A new cyber campaign targeting the Ukrainian defense sector involves the deployment of the notorious DarkCrystal RAT (DC RAT), a powerful remote access trojan, through the Signal messaging app.  

The attack focuses on employees of defense enterprises and representatives of Ukraine's Defense Forces. By exploiting Signal's communication platform, cybercriminals are delivering malicious messages disguised as official meeting minute files. 

The Computer Emergency Response Team of Ukraine (CERT-UA) raised the alarm regarding this new cyber campaign. These messages often originate from compromised Signal accounts, increasing the likelihood that recipients will trust and open them. 

These malicious messages contain archive files that include a decoy PDF document and an executable. The executable leverages a sophisticated .NET-based crypter, known as DarkTortilla, to decrypt and execute the DC RAT malware on the target system.  

Once deployed, DC RAT enables attackers to execute arbitrary commands, steal sensitive data, and maintain full remote control over infected devices. CERT-UA has attributed the campaign to a threat cluster identified as UAC-0200, which has been active since at least the summer of 2024.  

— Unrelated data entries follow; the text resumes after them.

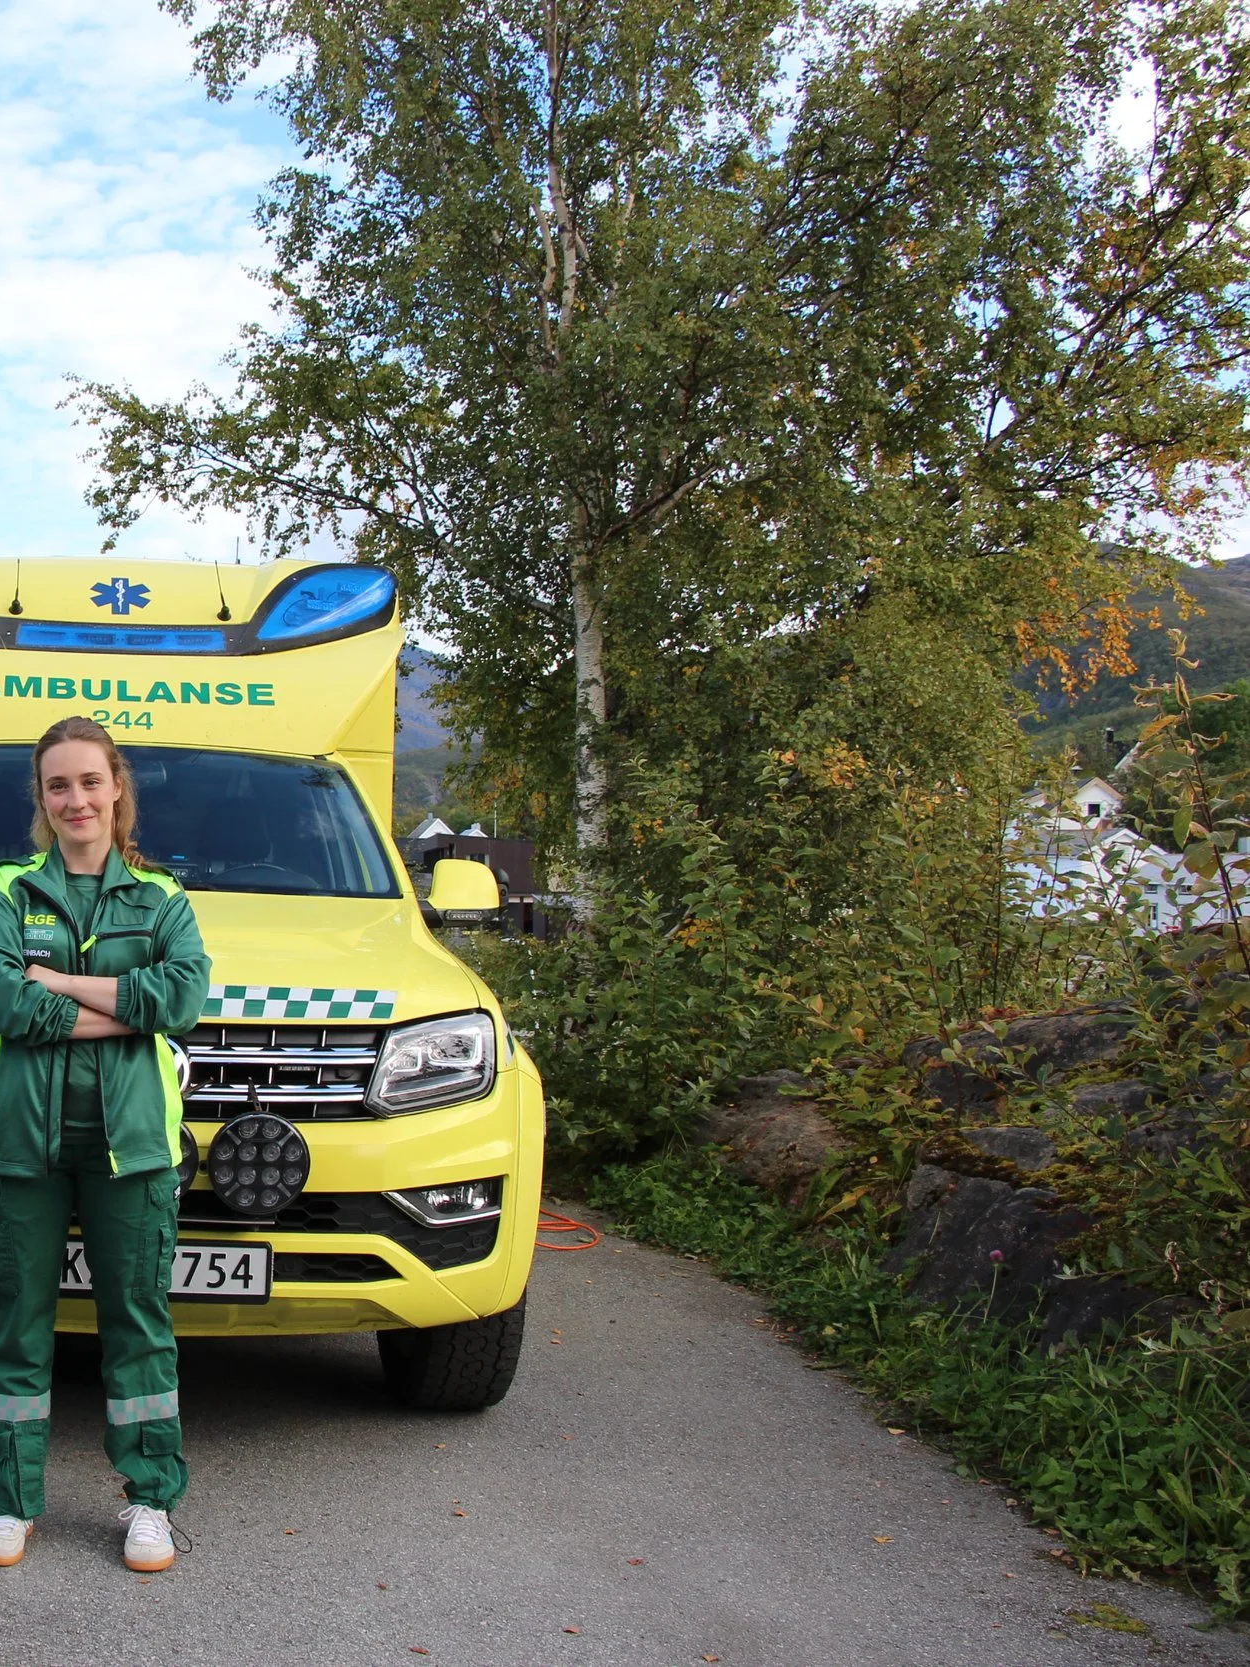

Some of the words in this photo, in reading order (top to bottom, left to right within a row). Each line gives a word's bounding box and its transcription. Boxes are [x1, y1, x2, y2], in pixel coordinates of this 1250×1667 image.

[93, 709, 154, 730] 244
[61, 1248, 92, 1284] K
[170, 1251, 254, 1289] 754
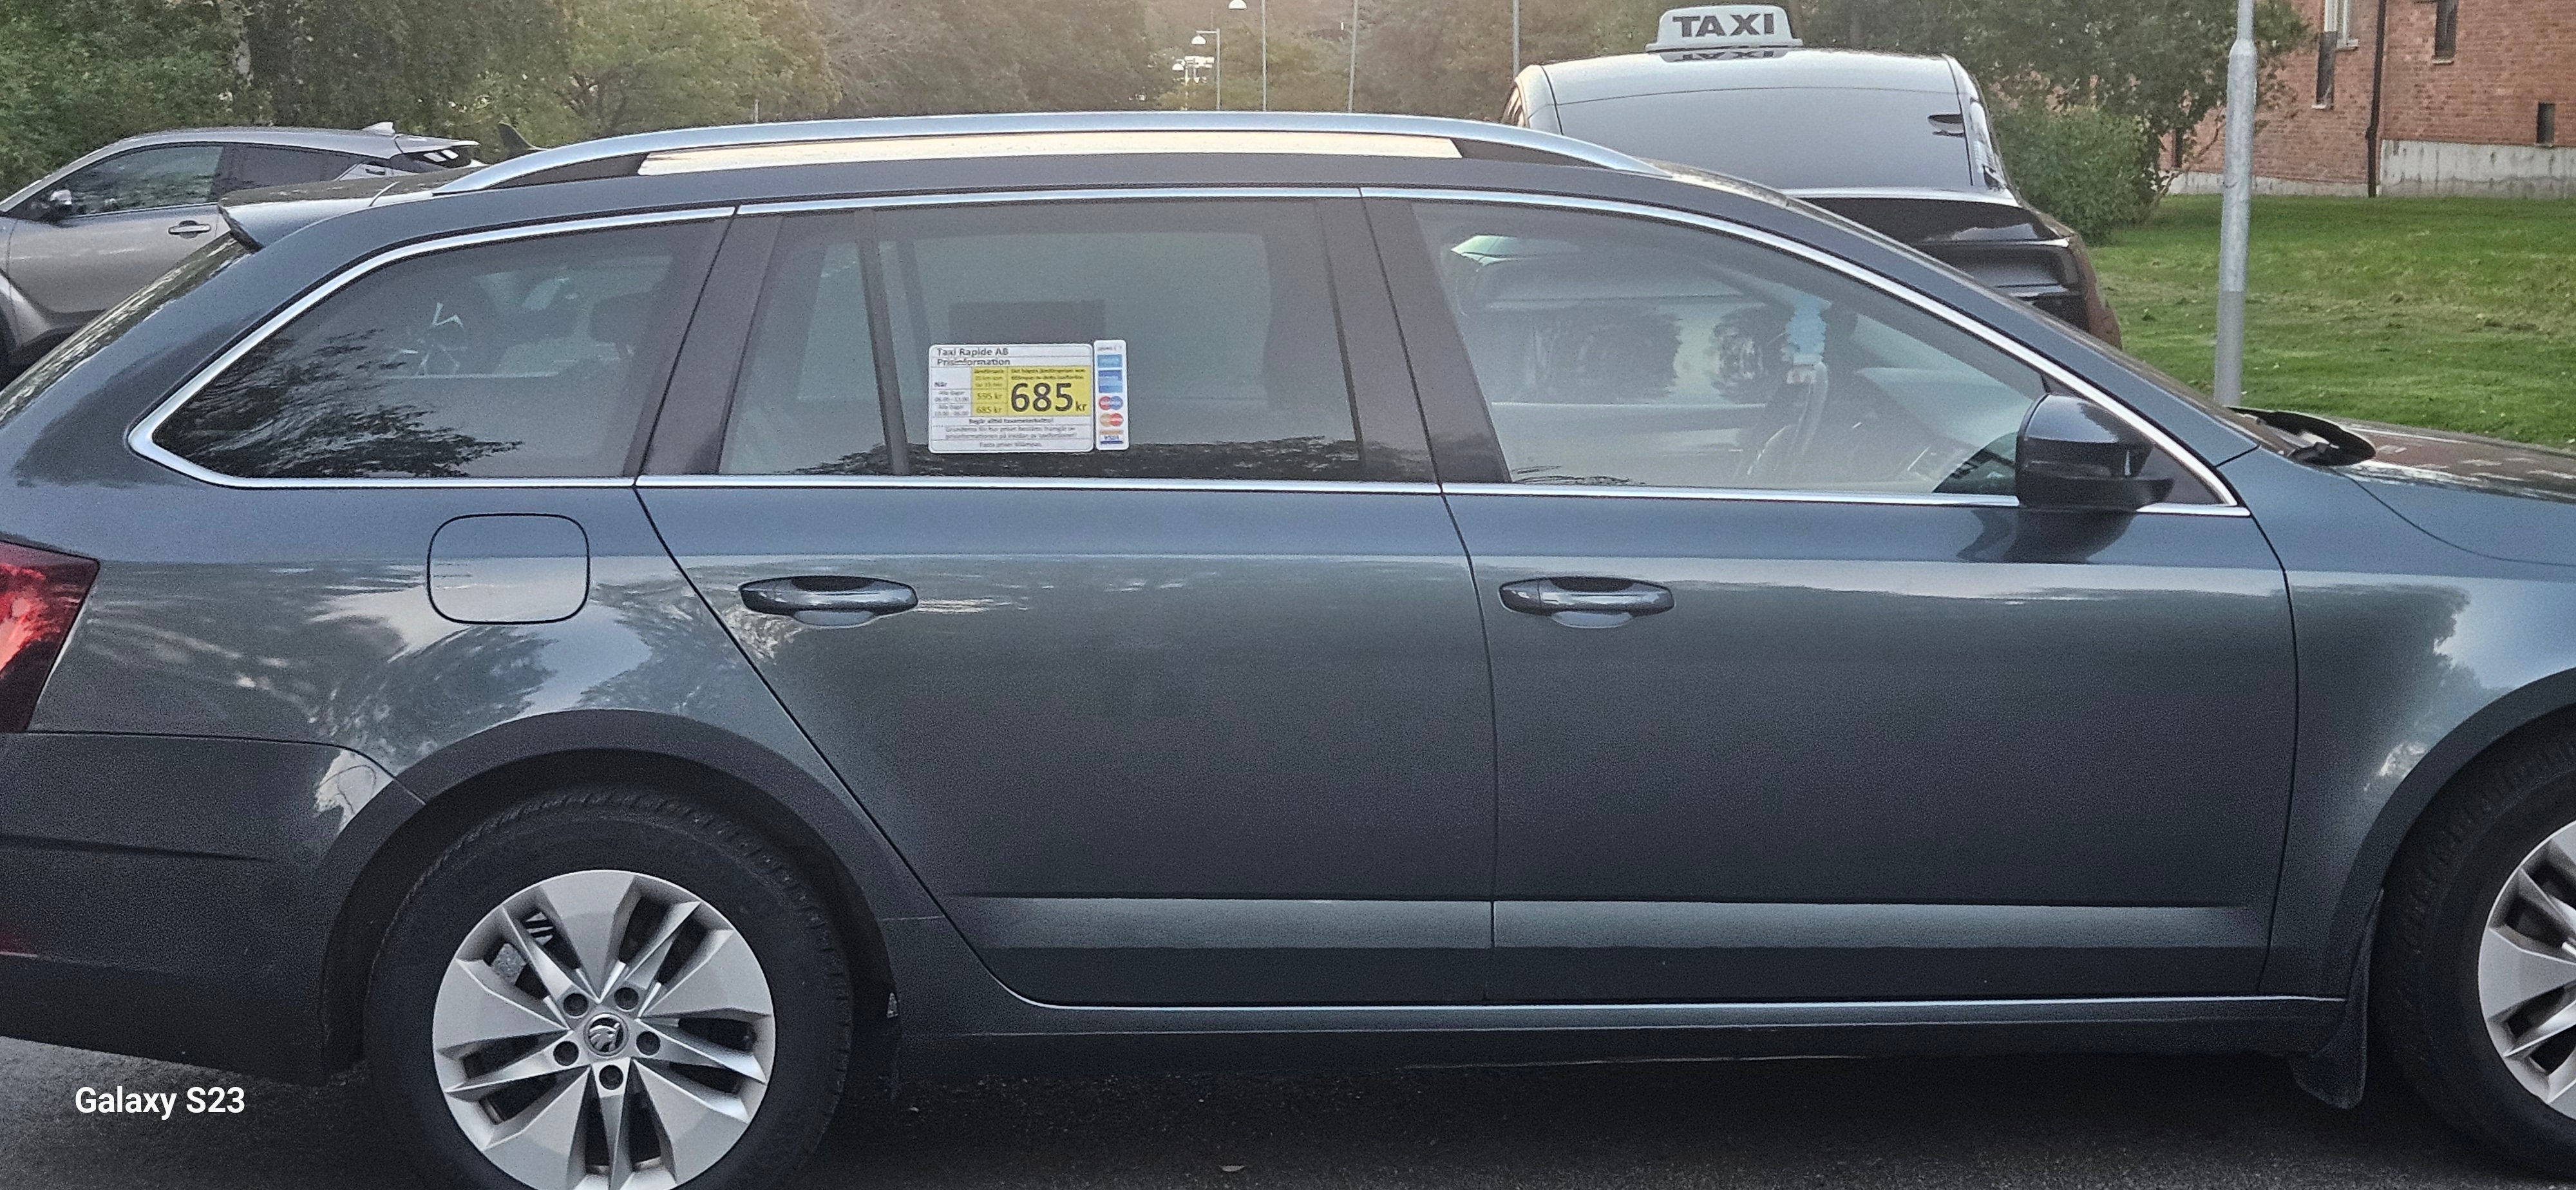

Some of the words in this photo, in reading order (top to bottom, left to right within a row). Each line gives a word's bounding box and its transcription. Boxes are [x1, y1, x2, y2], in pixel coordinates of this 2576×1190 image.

[1672, 13, 1774, 37] TAXI
[937, 348, 956, 356] Taxi
[959, 348, 992, 357] Rapide
[1011, 382, 1073, 412] 685
[1075, 401, 1087, 411] kr

CERT-UA has highlighted the risks associated with using popular messaging apps like Signal for both work and personal communications. The use of these platforms significantly expands the attack surface, creating uncontrolled information exchange channels that adversaries can exploit.  

The threat actors behind these attacks are not operating in isolation. Reports from Microsoft and Google have documented increasing Russian attempts to compromise WhatsApp and Signal accounts by exploiting device-linking features. 

This trend coincides with Ukrainian citizens shifting to Signal as a more secure alternative to Telegram for communication.  

Last year, the Russian military cyber-espionage group Sandworm, also referred to as UAC-0113, APT44, Telebots, Voodoo Bear, IRIDIUM, Seashell Blizzard, and Iron Viking, was linked to a series of malware campaigns targeting Windows users in Ukraine with DC RAT.